A few weeks ago I went to a chiropractor because my upper arm was hurting. I thought I’d strained it lifting a weight in a class at the gym. But no, it was because I spend so long at my computer each day. By sitting hunched over my computer, I’m developing round shoulders which is weakening my pec muscles. This, in turn, has affected the muscle in my arm.
So, I’ve now got a whole load of daily stretching and strengthening exercises that will (hopefully) rectify the problem.
Useful tips if you’re at your screen all day
As freelancers, we spend a great deal of time at our computers. Well, unless you are a freelance personal trainer or musician or something else that’s non-office bound. But I suspect most of us pass the majority of the day sitting staring at a screen. So, here are some tips I have picked up along the way that I thought would be useful to share with you.
- Try not to spend more than 45 minutes at a time sitting in your chair. Get up, walk about and stretch for a minute or two.
- Make sure your computer screen is at eye level. This can be a problem if you work on a laptop. I’ve got my screen on top of a couple of thick tomes to avoid having to stare downwards all the time.
- Also make sure your screen is close enough to you. If you have it too far away from you, the tendency is to stick your neck forward.
- Buy a chair that’s fully adjustable and make sure it’s adjusted properly for you. I know a phsyiotherapist and an osteopath who have dispensed with chairs altogether and sit at their desks on a Swiss ball. They both told me it’s better for the posture.

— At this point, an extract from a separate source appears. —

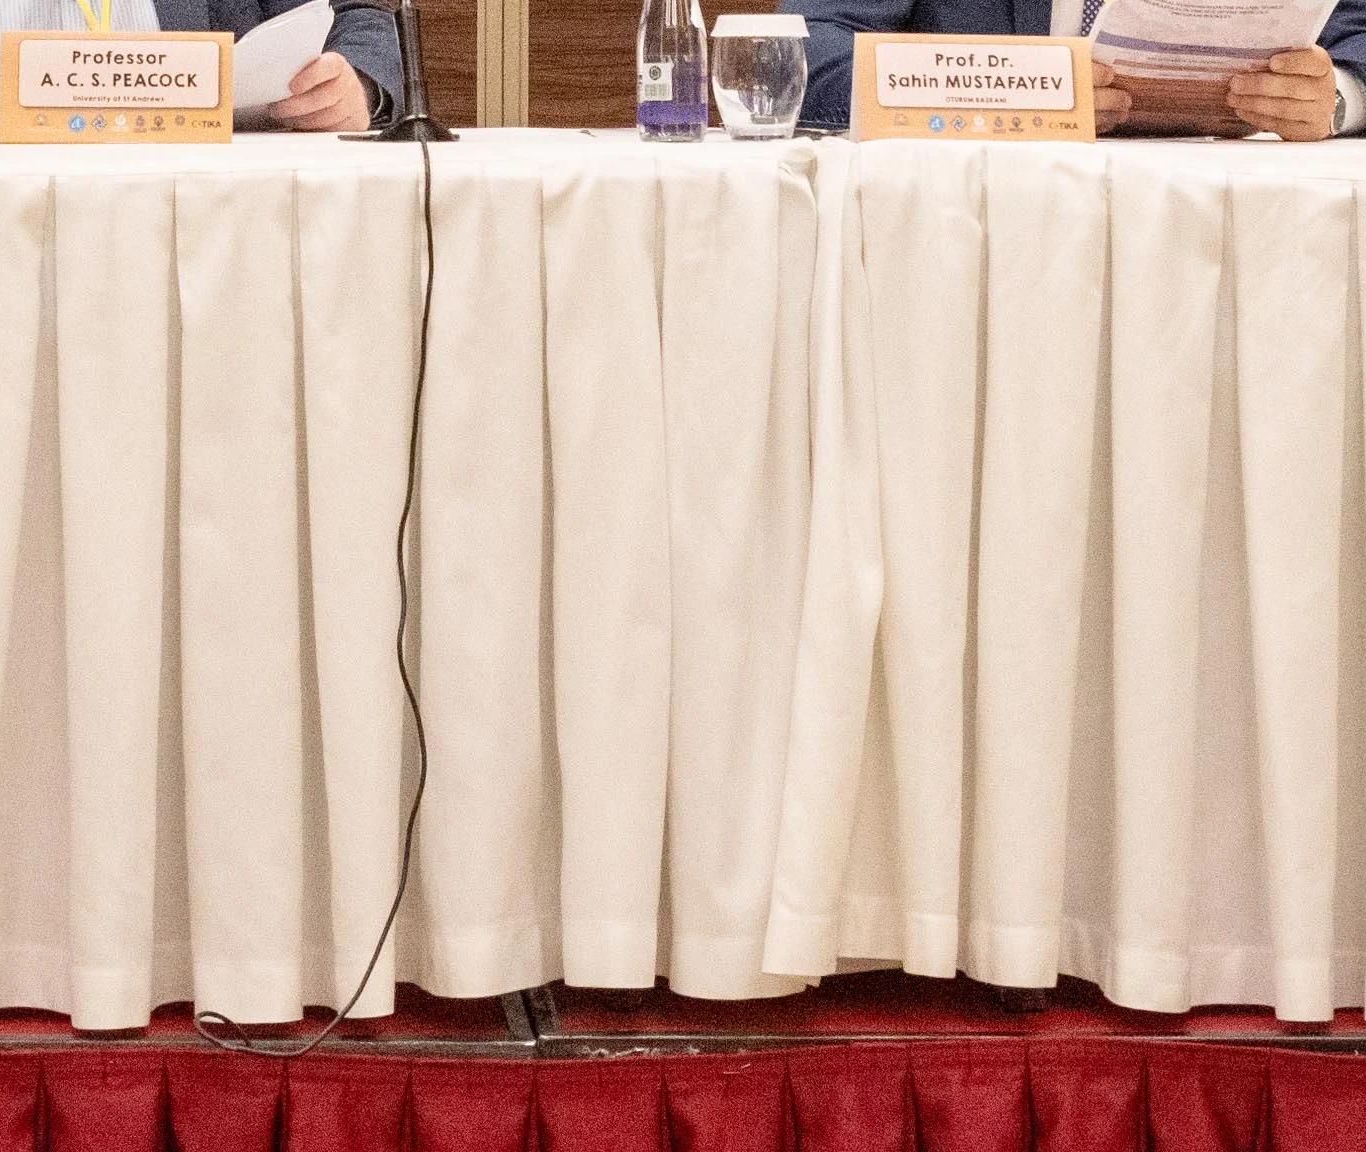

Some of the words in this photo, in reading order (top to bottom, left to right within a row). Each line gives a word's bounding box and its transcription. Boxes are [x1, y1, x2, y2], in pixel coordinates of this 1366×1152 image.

- Sit square on, facing your computer screen and don’t cross your legs.
- You probably think you are sitting fairly upright when at your desk (I did) but the likelihood is you will be hunched as you type. To compensate for sitting in this position, here are some useful stretching exercises.
- Keyboarding every day puts a strain on our arms, so a good way to stretch these muscles is as per the photo below:
- Roll a bath towel into a sausage shape and lie on the carpet with the towel under your spine. Stretch your arms right out so you are in a T position and hold for at least 20 seconds. This helps to stretch your pec muscles.
- Kneel on all fours and round your back into a cat stretch. Then arch your back. Repeat four times. This helps with spine flexibility.
- It’s also good to stretch out the neck, so put your hands behind you head and let your head fall forward for 15 seconds. You will feel the stretch down the back of your neck. Then hold the side of your head with your left hand and gently lean your head to the left, as per the photo above. You will feel the stretch down the right hand side of your neck. Repeat to the other side.
Repeat these exercises at the end of every day.
How do you compensate for the fact you spend so long at your computer each day?